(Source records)
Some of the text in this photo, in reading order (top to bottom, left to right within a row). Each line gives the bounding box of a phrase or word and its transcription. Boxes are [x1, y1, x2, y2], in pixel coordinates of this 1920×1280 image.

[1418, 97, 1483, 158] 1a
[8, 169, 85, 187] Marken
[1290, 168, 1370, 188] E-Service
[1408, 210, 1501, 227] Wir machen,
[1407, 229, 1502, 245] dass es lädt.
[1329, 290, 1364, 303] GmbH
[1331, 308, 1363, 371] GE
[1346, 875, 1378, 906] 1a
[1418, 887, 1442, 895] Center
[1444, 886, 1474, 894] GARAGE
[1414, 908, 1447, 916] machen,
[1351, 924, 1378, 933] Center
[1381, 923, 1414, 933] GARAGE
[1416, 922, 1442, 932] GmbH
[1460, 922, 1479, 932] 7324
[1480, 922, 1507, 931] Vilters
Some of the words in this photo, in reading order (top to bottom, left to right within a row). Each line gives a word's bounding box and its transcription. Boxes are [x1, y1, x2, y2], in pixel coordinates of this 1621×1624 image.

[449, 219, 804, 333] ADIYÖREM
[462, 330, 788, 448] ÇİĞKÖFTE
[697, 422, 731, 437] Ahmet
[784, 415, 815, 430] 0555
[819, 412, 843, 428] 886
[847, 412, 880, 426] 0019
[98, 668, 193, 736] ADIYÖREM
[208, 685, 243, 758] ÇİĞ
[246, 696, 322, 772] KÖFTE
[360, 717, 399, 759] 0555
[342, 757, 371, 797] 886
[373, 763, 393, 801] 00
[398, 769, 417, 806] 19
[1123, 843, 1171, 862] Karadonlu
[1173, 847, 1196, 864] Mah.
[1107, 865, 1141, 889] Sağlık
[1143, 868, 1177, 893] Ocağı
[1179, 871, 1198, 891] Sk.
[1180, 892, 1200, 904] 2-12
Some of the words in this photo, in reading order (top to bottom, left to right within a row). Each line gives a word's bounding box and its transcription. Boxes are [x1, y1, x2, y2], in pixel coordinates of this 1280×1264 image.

(Aim of the task) Every record must be transcribed exactly as written.

(Result of the task)
Some of the text in this photo, in reading order (top to bottom, left to right within a row). Each line gives the bounding box of a phrase or word and its transcription. Boxes are [x1, y1, x2, y2], in pixel coordinates of this 1920×1280 image.

[1418, 97, 1483, 158] 1a
[8, 169, 85, 187] Marken
[1290, 168, 1370, 188] E-Service
[1408, 210, 1501, 227] Wir machen,
[1407, 229, 1502, 245] dass es lädt.
[1329, 290, 1364, 303] GmbH
[1331, 308, 1363, 371] GE
[1346, 875, 1378, 906] 1a
[1418, 887, 1442, 895] Center
[1444, 886, 1474, 894] GARAGE
[1414, 908, 1447, 916] machen,
[1351, 924, 1378, 933] Center
[1381, 923, 1414, 933] GARAGE
[1416, 922, 1442, 932] GmbH
[1460, 922, 1479, 932] 7324
[1480, 922, 1507, 931] Vilters
Some of the words in this photo, in reading order (top to bottom, left to right within a row). Each line gives a word's bounding box and its transcription. Boxes are [x1, y1, x2, y2], in pixel coordinates of this 1621×1624 image.

[449, 219, 804, 333] ADIYÖREM
[462, 330, 788, 448] ÇİĞKÖFTE
[697, 422, 731, 437] Ahmet
[784, 415, 815, 430] 0555
[819, 412, 843, 428] 886
[847, 412, 880, 426] 0019
[98, 668, 193, 736] ADIYÖREM
[208, 685, 243, 758] ÇİĞ
[246, 696, 322, 772] KÖFTE
[360, 717, 399, 759] 0555
[342, 757, 371, 797] 886
[373, 763, 393, 801] 00
[398, 769, 417, 806] 19
[1123, 843, 1171, 862] Karadonlu
[1173, 847, 1196, 864] Mah.
[1107, 865, 1141, 889] Sağlık
[1143, 868, 1177, 893] Ocağı
[1179, 871, 1198, 891] Sk.
[1180, 892, 1200, 904] 2-12
Some of the words in this photo, in reading order (top to bottom, left to right within a row). Each line gives a word's bounding box and its transcription. Boxes are [x1, y1, x2, y2], in pixel coordinates of this 1280×1264 image.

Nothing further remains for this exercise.